▶ Problem description:
Leaving out the pictures, write the following records exactly as they read.

▶ Materials provided:
***

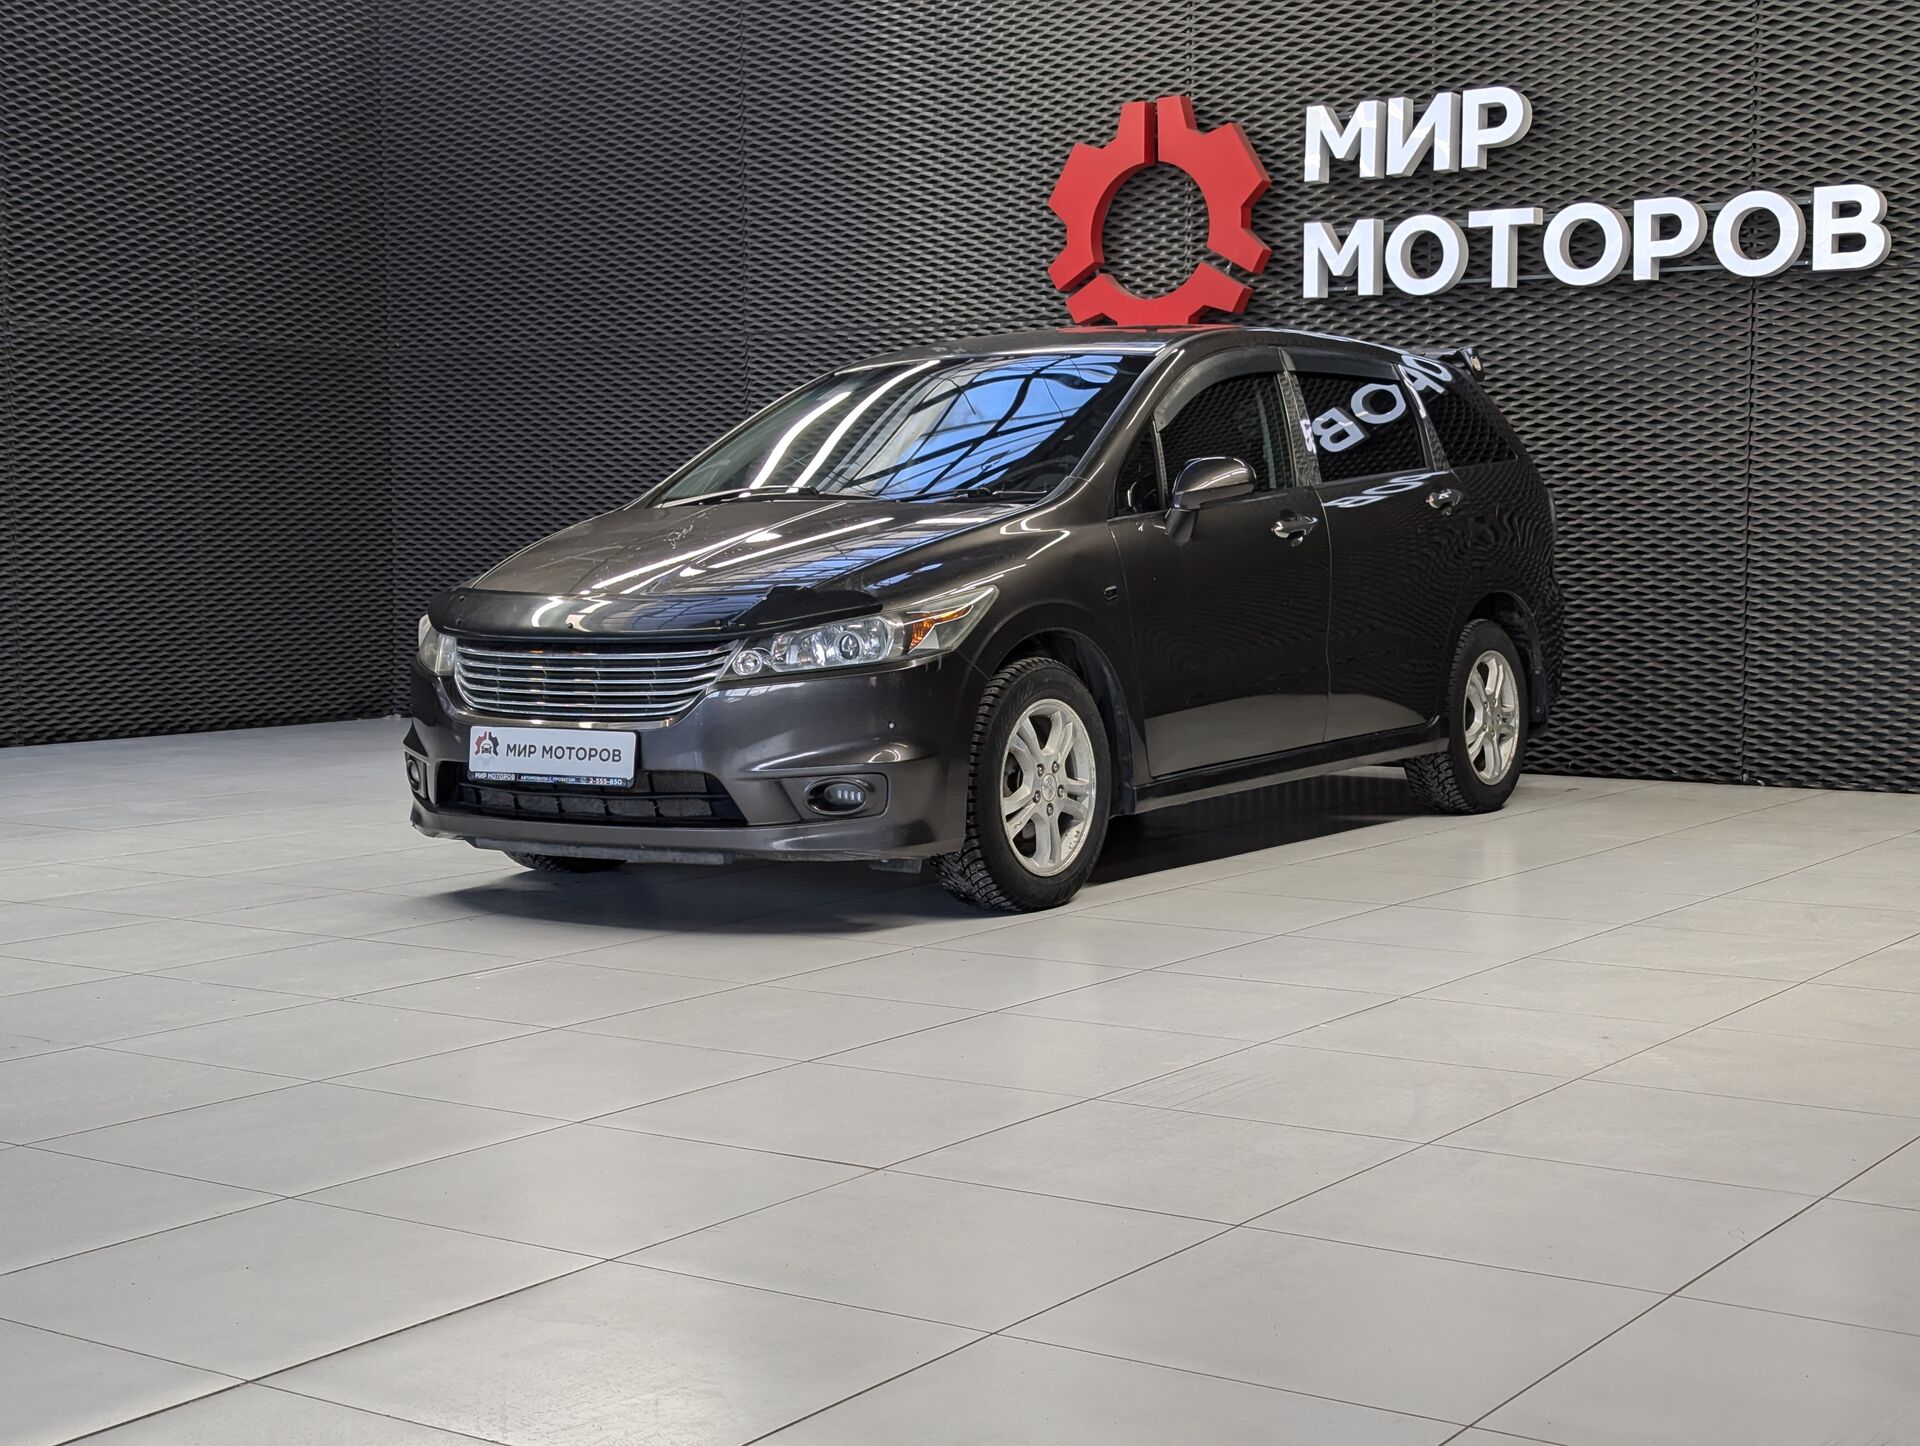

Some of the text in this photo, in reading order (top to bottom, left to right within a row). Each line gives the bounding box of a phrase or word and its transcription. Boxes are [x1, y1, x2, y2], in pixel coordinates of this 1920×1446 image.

[1304, 86, 1532, 183] МИР
[1303, 184, 1891, 298] МОТОРОВ
[488, 773, 515, 781] МОТОРОВ
[505, 743, 622, 763] МИР МОТОРОВ
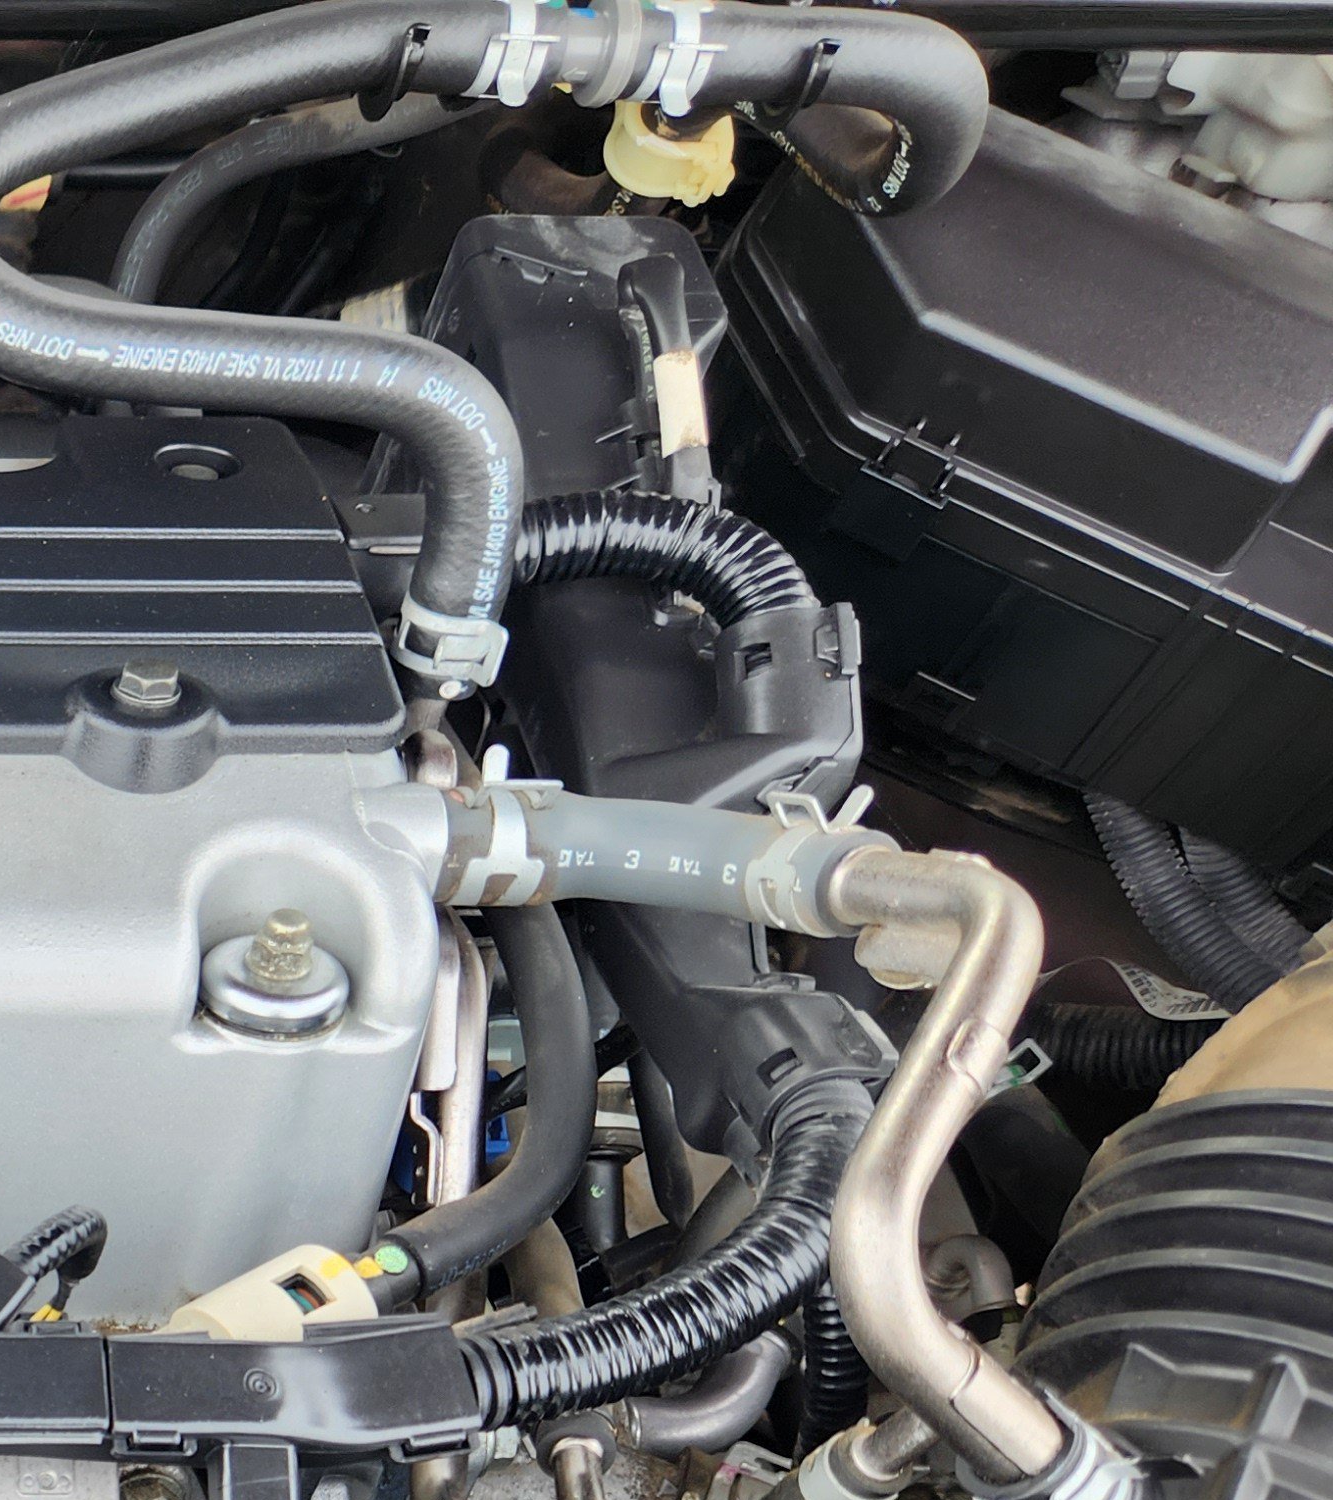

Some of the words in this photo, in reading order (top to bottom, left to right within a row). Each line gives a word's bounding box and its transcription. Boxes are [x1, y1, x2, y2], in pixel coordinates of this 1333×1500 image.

***

▶ Your response:
Some of the text in this photo, in reading order (top to bottom, left to right within a row). Each line gives the bounding box of a phrase or word and its transcription. Boxes are [x1, y1, x2, y2], in pixel coordinates of this 1920×1446 image.

[1304, 86, 1532, 183] МИР
[1303, 184, 1891, 298] МОТОРОВ
[488, 773, 515, 781] МОТОРОВ
[505, 743, 622, 763] МИР МОТОРОВ

Some of the words in this photo, in reading order (top to bottom, left to right within a row). Each line gives a word's bounding box and its transcription. Boxes are [x1, y1, x2, y2], in pixel coordinates of this 1333×1500 image.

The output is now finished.